*Assignment*. Extract the records in full, leaving every picture out.

*Data records*.
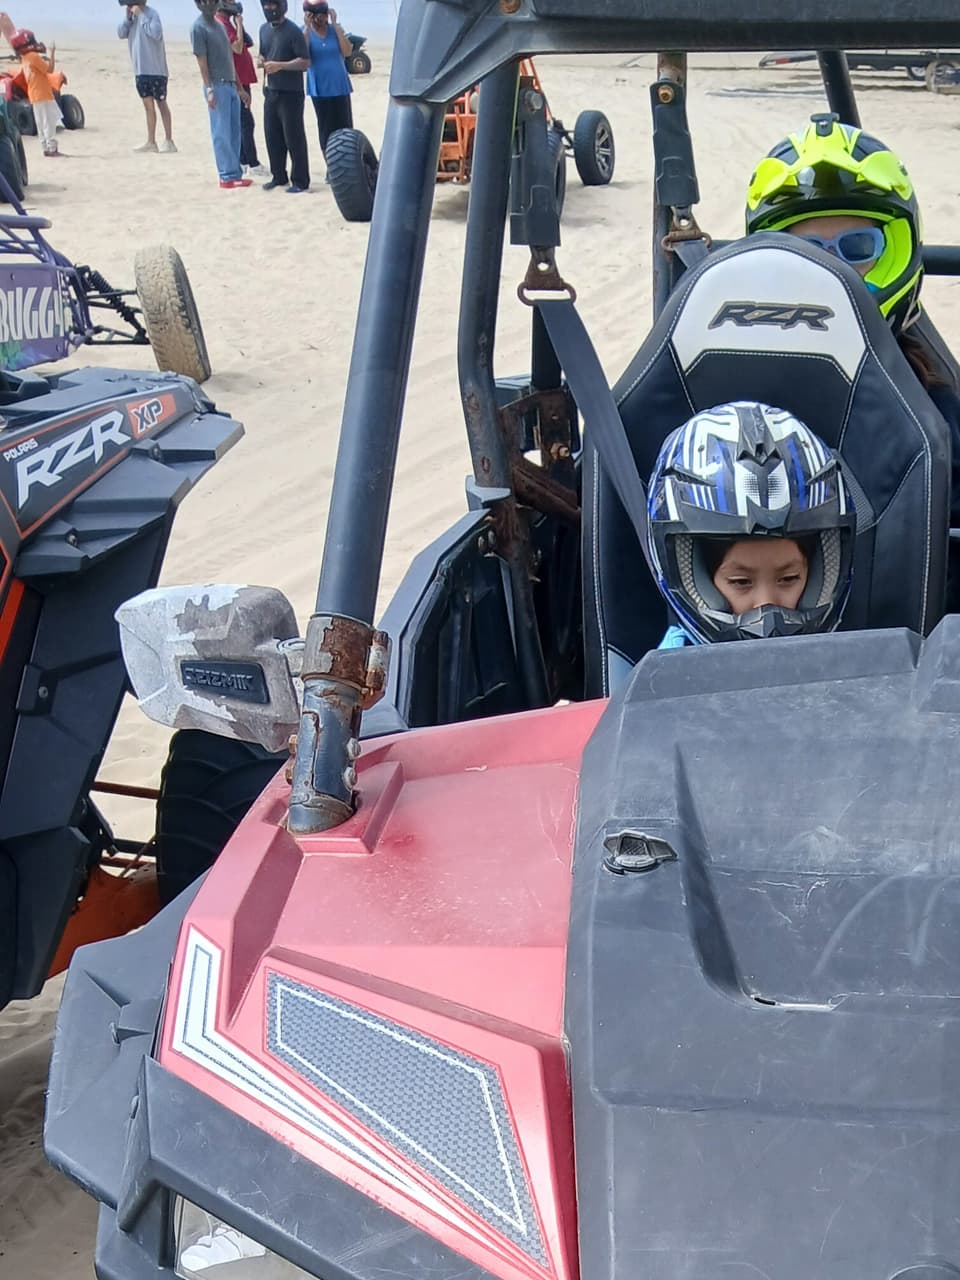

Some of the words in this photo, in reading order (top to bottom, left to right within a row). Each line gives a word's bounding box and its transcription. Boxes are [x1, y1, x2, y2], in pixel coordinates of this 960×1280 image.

[707, 300, 835, 331] RZR
[131, 398, 163, 433] XP
[3, 438, 39, 462] POLARIS
[16, 410, 131, 509] RZR
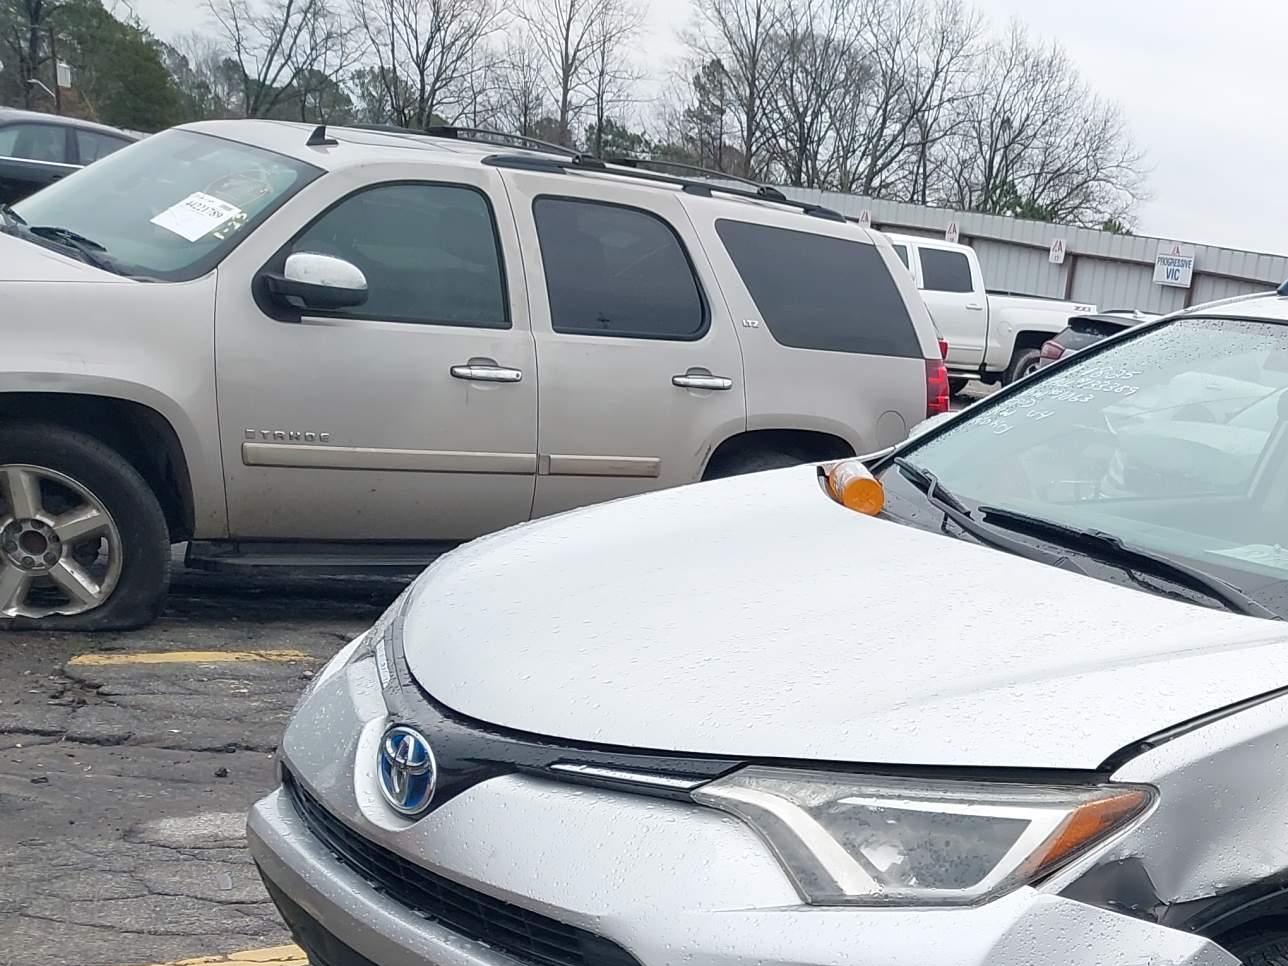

*Task solution*.
Some of the words in this photo, in reading order (top to bottom, left to right within a row). Each line gives a word's bounding box and its transcription. Boxes are [x1, y1, x2, y2], in pixel coordinates of this 960×1280 image.

[707, 300, 835, 331] RZR
[131, 398, 163, 433] XP
[3, 438, 39, 462] POLARIS
[16, 410, 131, 509] RZR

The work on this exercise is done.